General adiantou em 5 meses sua transferência para a reserva. Decisão reforça narrativa de que instituição serve ao Estado e não ao governo

ANDRÉ DUSEK/ESTADÃO CONTEÚDO

atualizado 22/02/2020 17:02

O general Walter Souza Braga Netto comunicou na última quinta-feira (20/02/2020) ao comandante do Exército, Edson Pujol, que resolveu antecipar em cinco meses a aposentadoria das Forças Armadas. Braga Netto tomou a decisão por ter sido designado para ocupar o cargo de ministro da Casa Civil no lugar de Onyx Lorenzoni, deslocado para o Ministério da Cidadania.

Ao pedir sua aposentadoria, o general se afasta do Exército e ajuda a narrativa de que a instituição é de estado e está fora de discussões políticas. No Alto-Comando, há uma preocupação com a possibilidade de se misturar Exército com governo. Oficiais insistem em deixar claro que este não é um governo militar, embora o presidente Jair Bolsonaro (sem partido) seja um ex-capitão do Exército. Além disso, o vice-presidente Hamilton Mourão também é general e vários ministros são oriundos das Forças Armadas.

Braga Netto completaria quatro anos no posto de general de Exército em 31 de julho e, pelo Estatuto dos Militares, cairia na “expulsória”. O termo é usado na caserna quando o militar tem de pedir sua transferência obrigatória para a reserva.

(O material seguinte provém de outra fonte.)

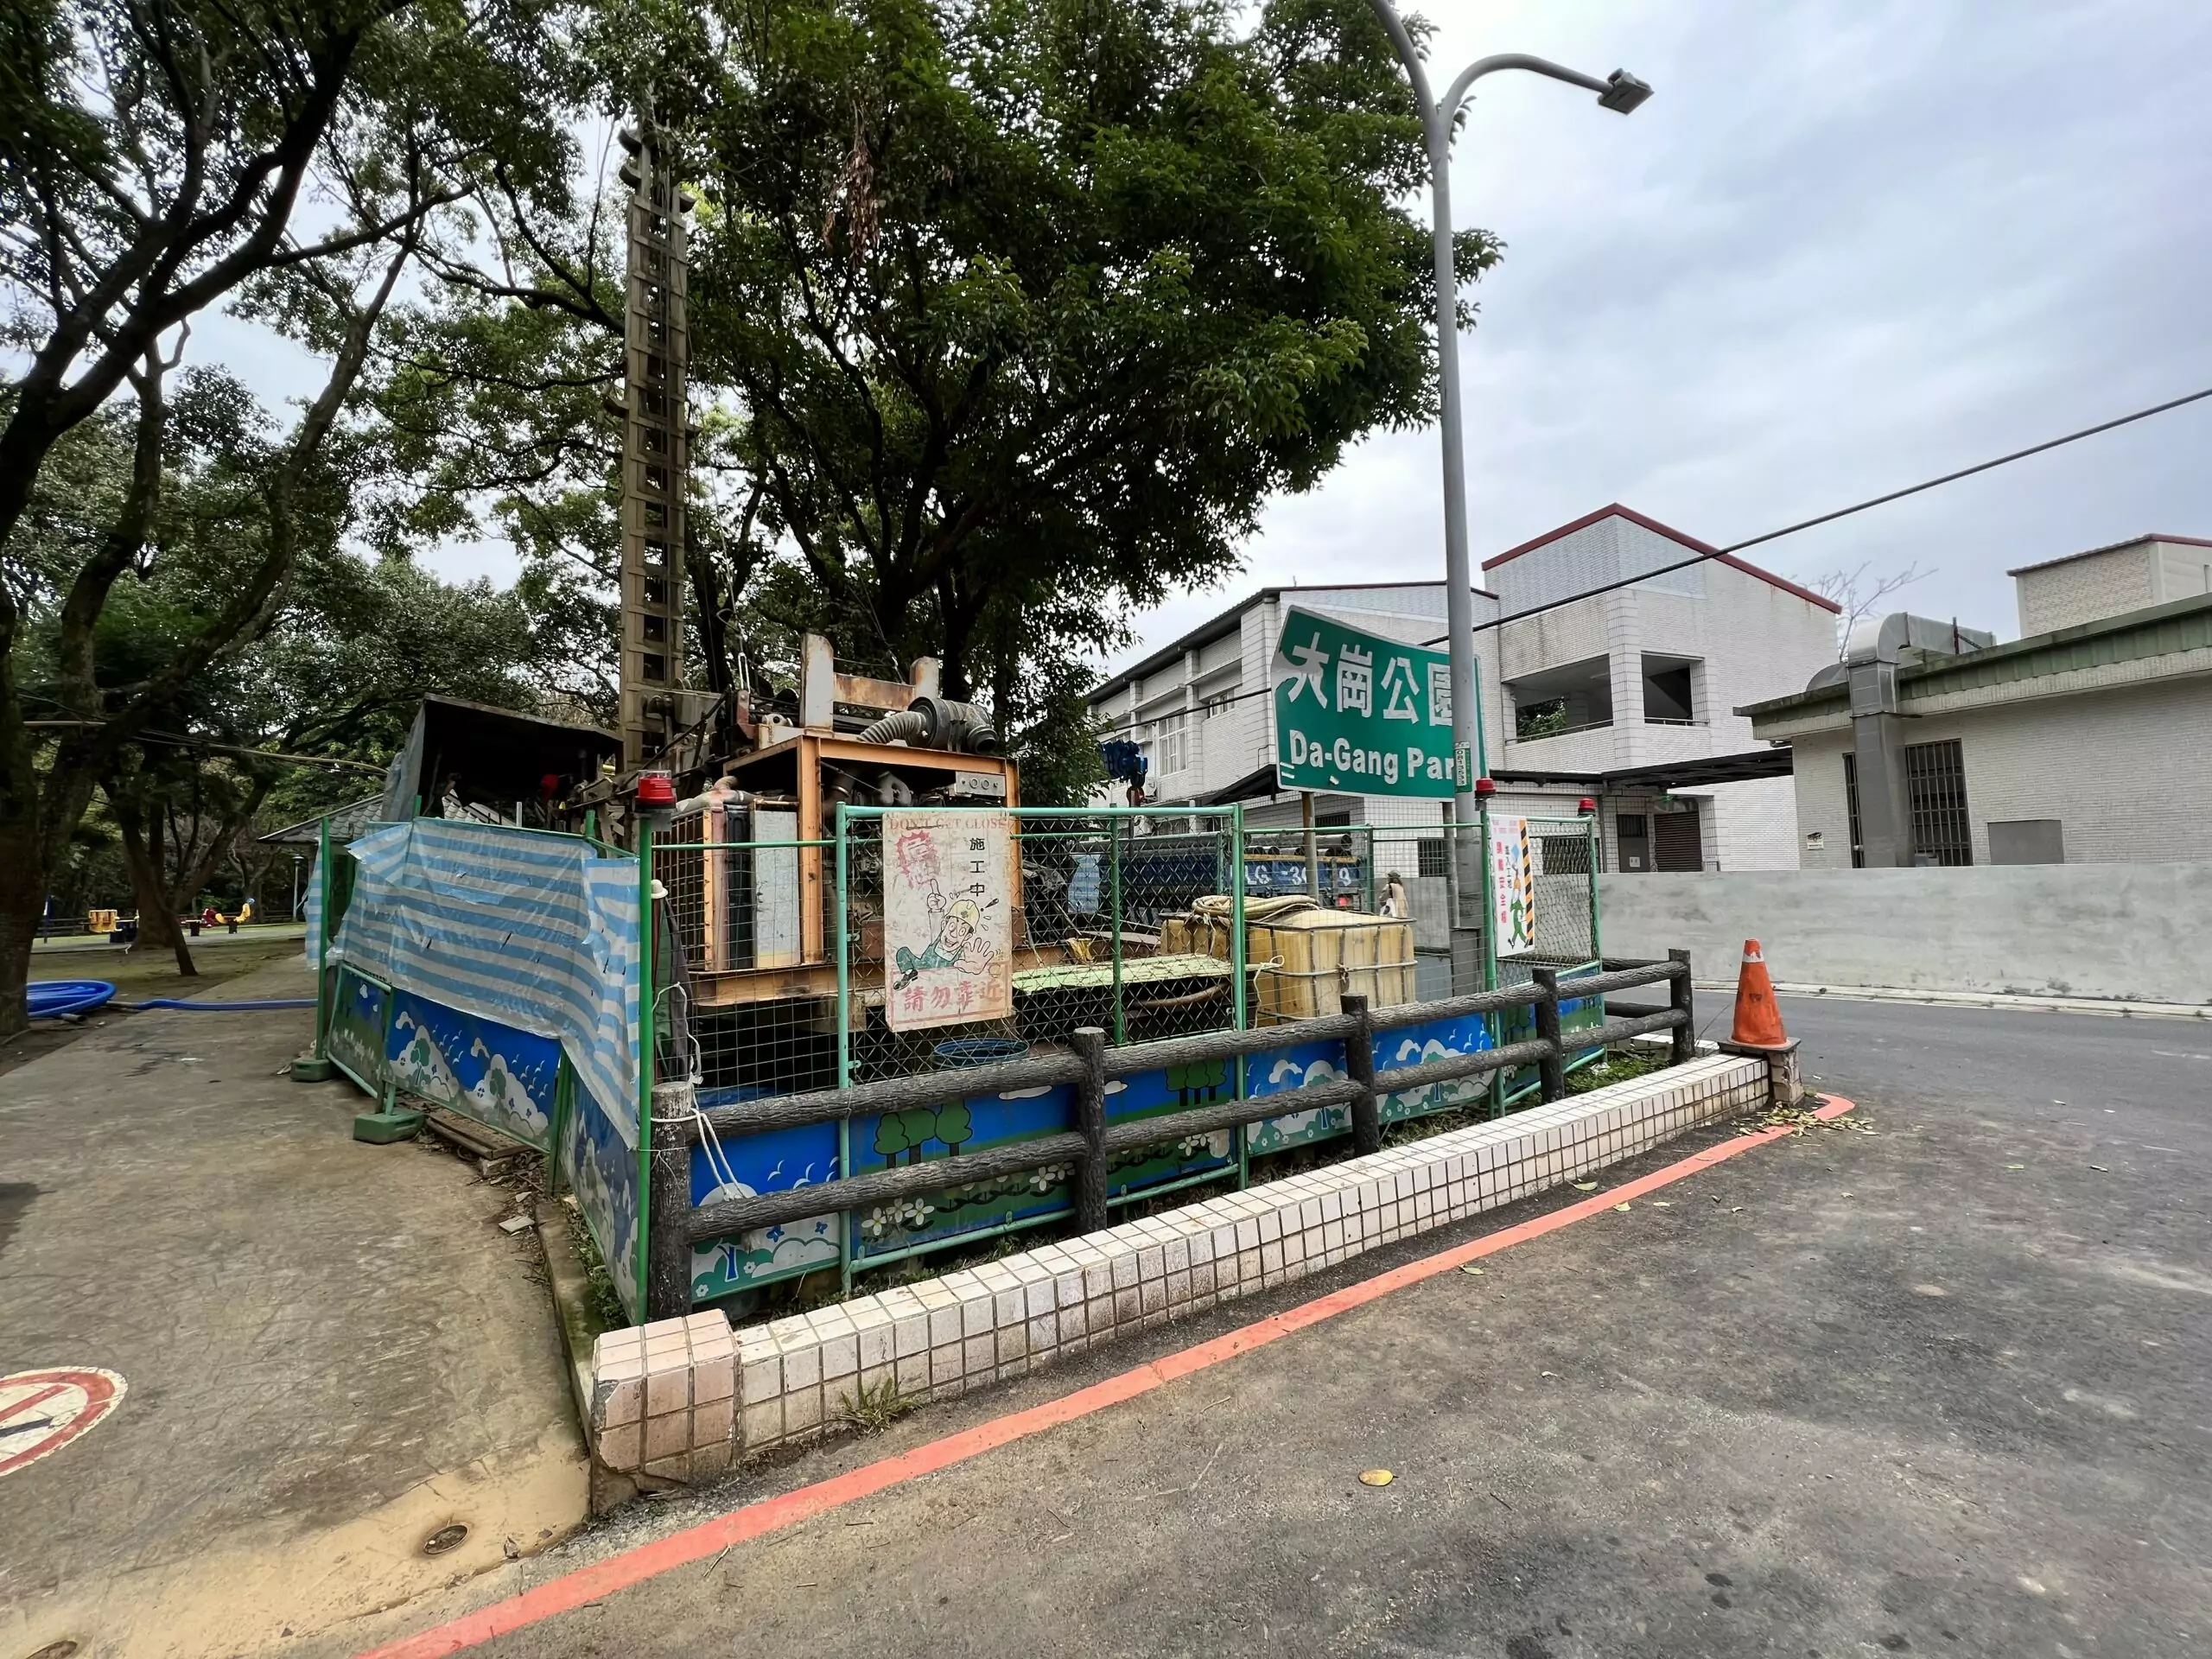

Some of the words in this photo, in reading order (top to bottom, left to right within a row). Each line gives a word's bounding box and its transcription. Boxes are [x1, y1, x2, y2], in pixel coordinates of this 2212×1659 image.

[1287, 631, 1453, 727] 大崗公園
[1289, 729, 1398, 785] Da-Gang
[1407, 747, 1453, 779] Par
[890, 818, 928, 830] DON'T
[936, 818, 962, 830] GET
[965, 818, 1007, 830] CLOSE
[969, 837, 985, 897] 施工中
[904, 979, 1003, 1013] 請勿靠近
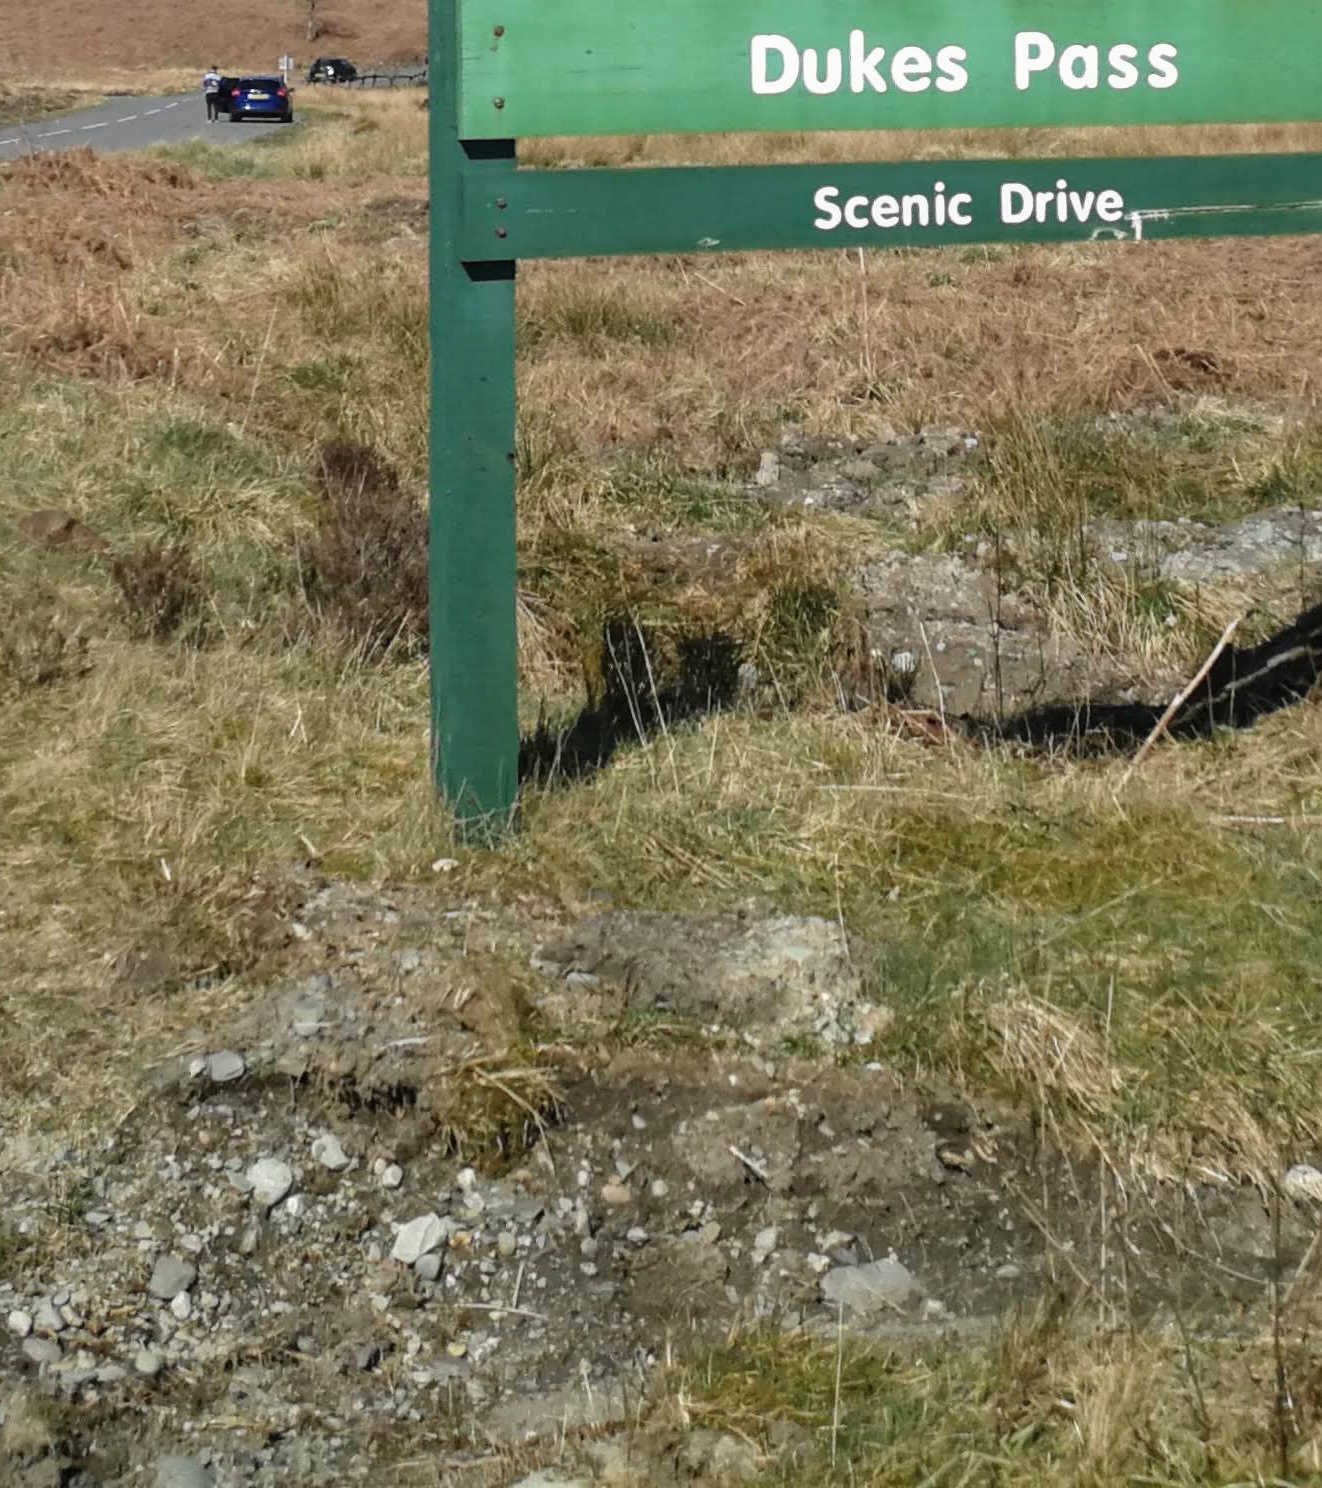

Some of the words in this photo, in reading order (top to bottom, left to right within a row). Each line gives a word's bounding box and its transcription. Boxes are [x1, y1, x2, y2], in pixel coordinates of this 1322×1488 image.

[750, 29, 969, 95] Dukes
[1014, 31, 1179, 93] Pass
[813, 180, 973, 231] Scenic
[1000, 178, 1124, 224] Drive
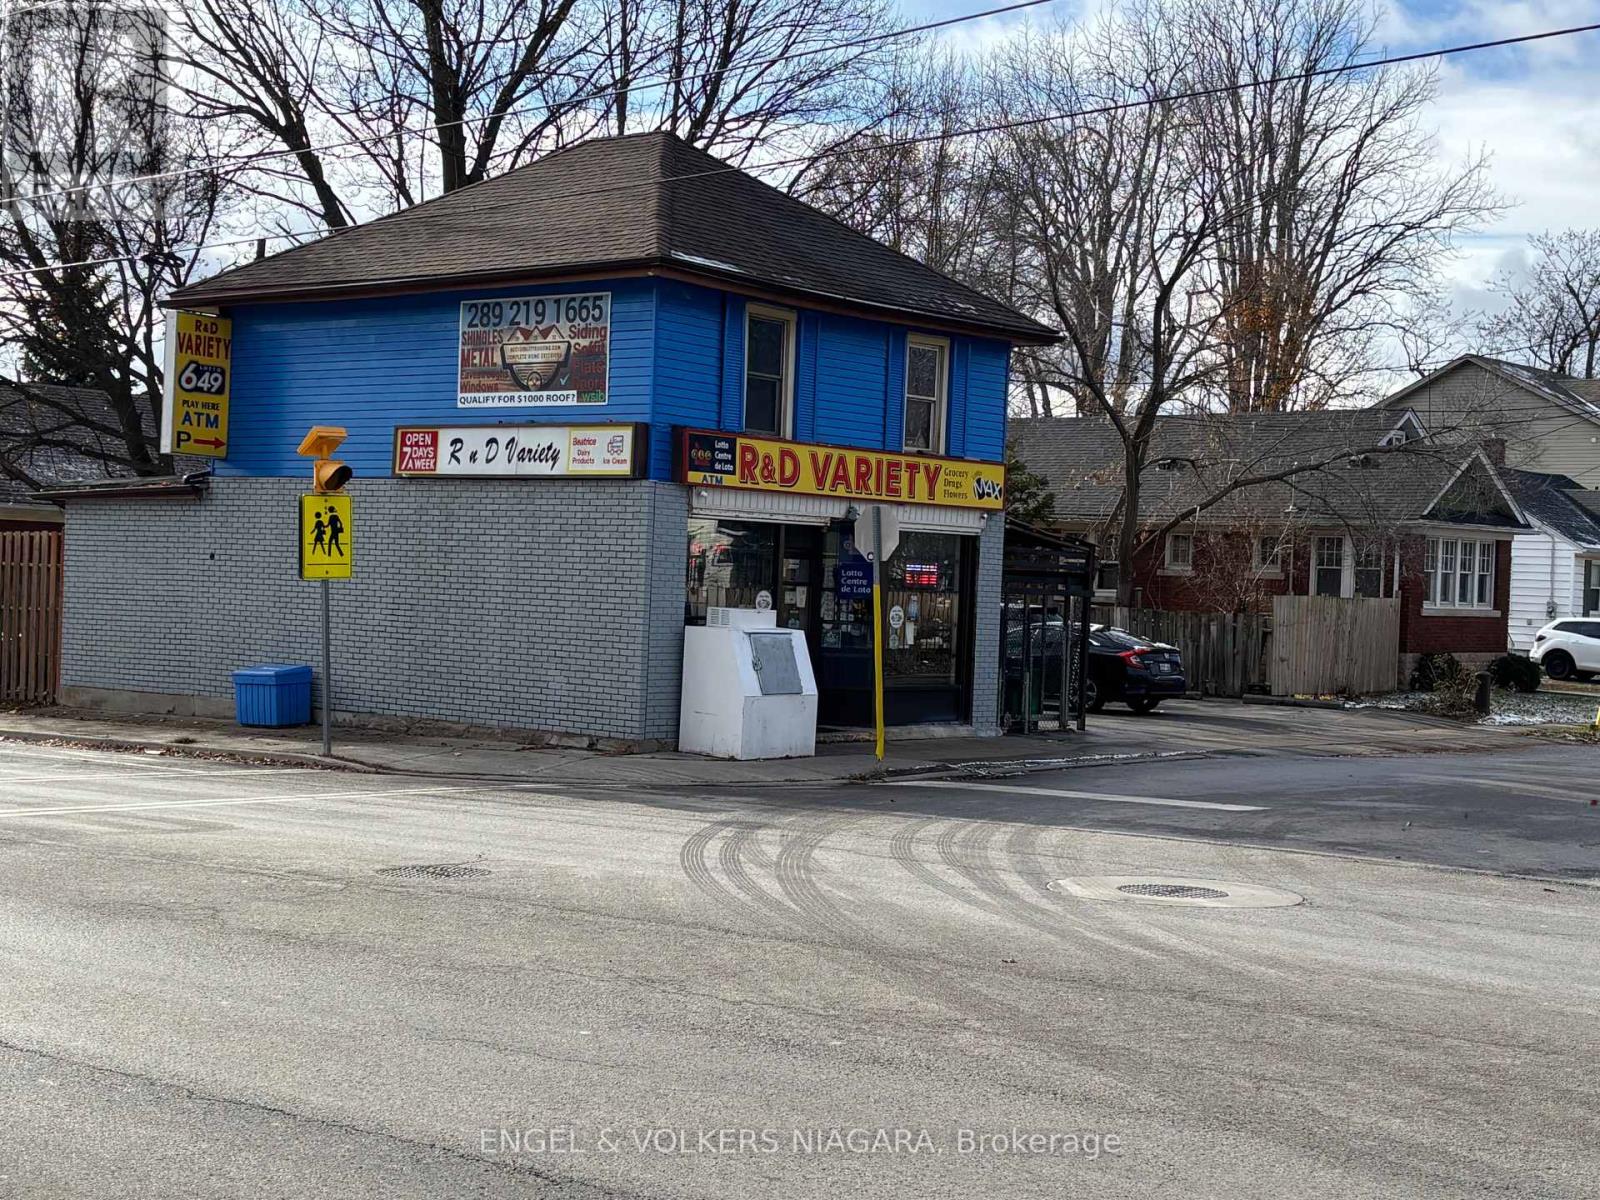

A situação do novo titular da Casa Civil é diferente da vivida pelo ministro-chefe da Secretaria de Governo, general Luiz Eduardo Ramos. O articulador político do Palácio do Planalto é da ativa e está licenciado da Força por dois anos, até junho de 2021, quando também irá compulsoriamente para a reserva. Até lá, no entanto, se Bolsonaro entender que precisa do seu cargo, Ramos poderá voltar para a tropa e ser reintegrado ao Alto-Comando.

Na reunião realizada no Quartel-General do Exército, Braga Netto também avisou que estava deixando o grupo de WhatsApp do Alto-Comando, do qual é administrador. O “posto” será transferido para o general Marco Antonio Amaro dos Santos, que assumirá a Chefia do Estado-Maior do Exército no fim de março. O grupo é composto por 16 generais, que trocam mensagens sobre questões da caserna. Ramos não está nele.

Promoções
Com a saída de Braga Netto, as promoções de 31 de março terão duas vagas de general quatro estrelas, o mais alto posto da Força. A primeira, do general Geraldo Antonio Miotto, atual Comandante Militar do Sul, será ocupada por Fernando José Sant’Anna Soares e Silva, designado para o Comando Militar do Oeste, em Campo Grande (MS). Para o lugar de Miotto, em Porto Alegre, irá o general Valério Stumpf Trindade, que deixará a Secretaria de Economia e Finanças do Exército.

A segunda vaga de quatro estrelas das promoções de março ficará com o general Eduardo Antonio Fernandes. Ele irá para o comando Militar do Sudeste, em São Paulo, no lugar do general Amaro.